Грин Александр Степанович
Шрифт:
Ряд долгих, скучных, томительных дней провел Табарен на койке, тщетно пытаясь вспомнить, как и при каких обстоятельствах получил рану. Пораженная память отказывалась заполнить темный провал живым содержанием. Смутно казалось Табарену, что там, во время атаки, с ним произошло нечто удивительное и важное. Кусая губы и морща лоб, подолгу думал он о том неизвестном, которое оставило памяти едва заметный след ощущений, столь сложных и смутных, что попытка воскресить их вызывала неизменно лишь утомление и досаду.
В конце августа он возвратился в Париж и тотчас же занялся проявлением негативов. То одна, то другая фирма торопили его, да и сам он горел нетерпением увидеть наконец на экране плоды своих трудов и скитаний. Когда все было готово, в просторном зале собрались смотреть боевую фильму Табарена агенты, представители фирм, содержатели театров и кинематографов.
Табарен волновался. Он сам хотел судить о своей работе в полном ее объеме, а потому избегал смотреть ранее этого вечера готовую уже ленту на свет. Кроме того, его удерживала от преждевременного любопытства тайная, ни на чем, конечно, не обоснованная надежда найти на экране, в связном повторении моментов, исчезнувший бесследно обрывок воспоминаний. Потребность вспомнить стала его болезнью, манией. Он ждал и почему-то боялся. Его чувства напоминали трепет юноши, идущего на первое свидание. Усаживаясь на стул, он волновался, как ребенок.
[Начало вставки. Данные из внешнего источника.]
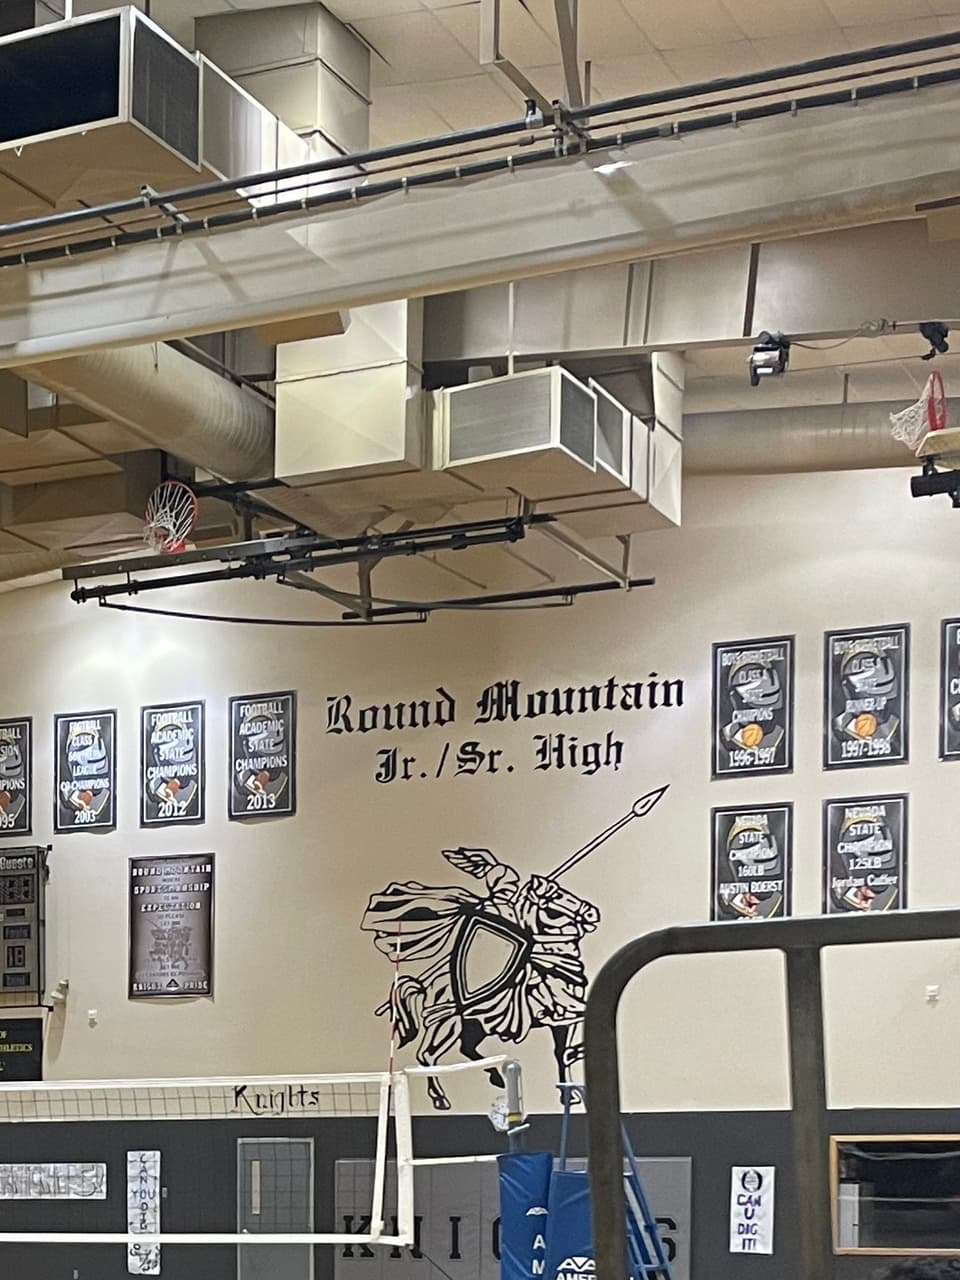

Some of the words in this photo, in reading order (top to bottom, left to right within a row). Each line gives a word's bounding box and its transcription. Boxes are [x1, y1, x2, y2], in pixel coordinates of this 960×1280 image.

[852, 658, 873, 671] CLASS
[740, 669, 761, 680] CLASS
[240, 701, 284, 717] FOOTBALL
[326, 687, 456, 735] Round
[474, 671, 685, 725] Mountain
[151, 710, 193, 726] FOOTBALL
[732, 708, 773, 722] CHAMPIONS
[69, 720, 101, 732] FOOTBALL
[239, 719, 284, 736] ACADEMIC
[151, 728, 194, 744] ACADEMIC
[248, 739, 275, 752] STATE
[159, 748, 185, 760] STATE
[533, 731, 625, 776] High
[235, 755, 288, 771] CHAMPIONS
[147, 763, 197, 779] CHAMPIONS
[247, 793, 276, 810] 2013
[158, 801, 187, 817] 2012
[845, 805, 886, 817] NEVADA
[74, 811, 96, 824] 2003
[849, 823, 882, 836] STATE
[739, 833, 765, 844] STATE
[837, 840, 893, 854] CHAMPION
[0, 857, 34, 870] Guests
[132, 867, 162, 877] ROUND
[164, 864, 212, 875] MOUNTAIN
[133, 883, 210, 895] SPORTSMANSHIP
[141, 902, 201, 912] EXPECTATION
[232, 1084, 320, 1116] Knights
[130, 1189, 156, 1200] YOU
[737, 1193, 761, 1207] CAN
[744, 1207, 755, 1220] U
[737, 1223, 758, 1235] DIG
В глубоком молчании смотрели зрители сцены войны, добытые ценой смерти Ланоска. Картина заканчивалась. Тяжело дыша, смотрел Табарен эпизоды штыкового боя, смутно начиная что-то припоминать. Вдруг он закричал:
– Это я! я!
Действительно, это был он. Французский стрелок, изнемогая под ударами пруссаков, шатался уже, еле держась на ногах; окруженный, он бросил вокруг себя безнадежный взгляд, посмотрел в сторону, за раму экрана и, падая, раненный еще раз, закричал что-то неслышное зрителям, но теперь до боли знакомое Табарену. Крик этот снова раздался в его ушах. Солдат крикнул:
– Помоги землячку, фотограф!
И тотчас же Табарен увидел на экране себя, подбегающего к дерущимся. В его руке был револьвер, он выстрелил раз, и два, и три, свалил немца, затем схватил выпавшее ружье француза и стал отбиваться. И чувства жалости и гнева, бросившие его на помощь французу, – снова воскресли в нем. Второй раз он изменил себе, изменил спокойному зрению и профессиональной бесстрастности. Волнение его разразилось слезами. Экран погас.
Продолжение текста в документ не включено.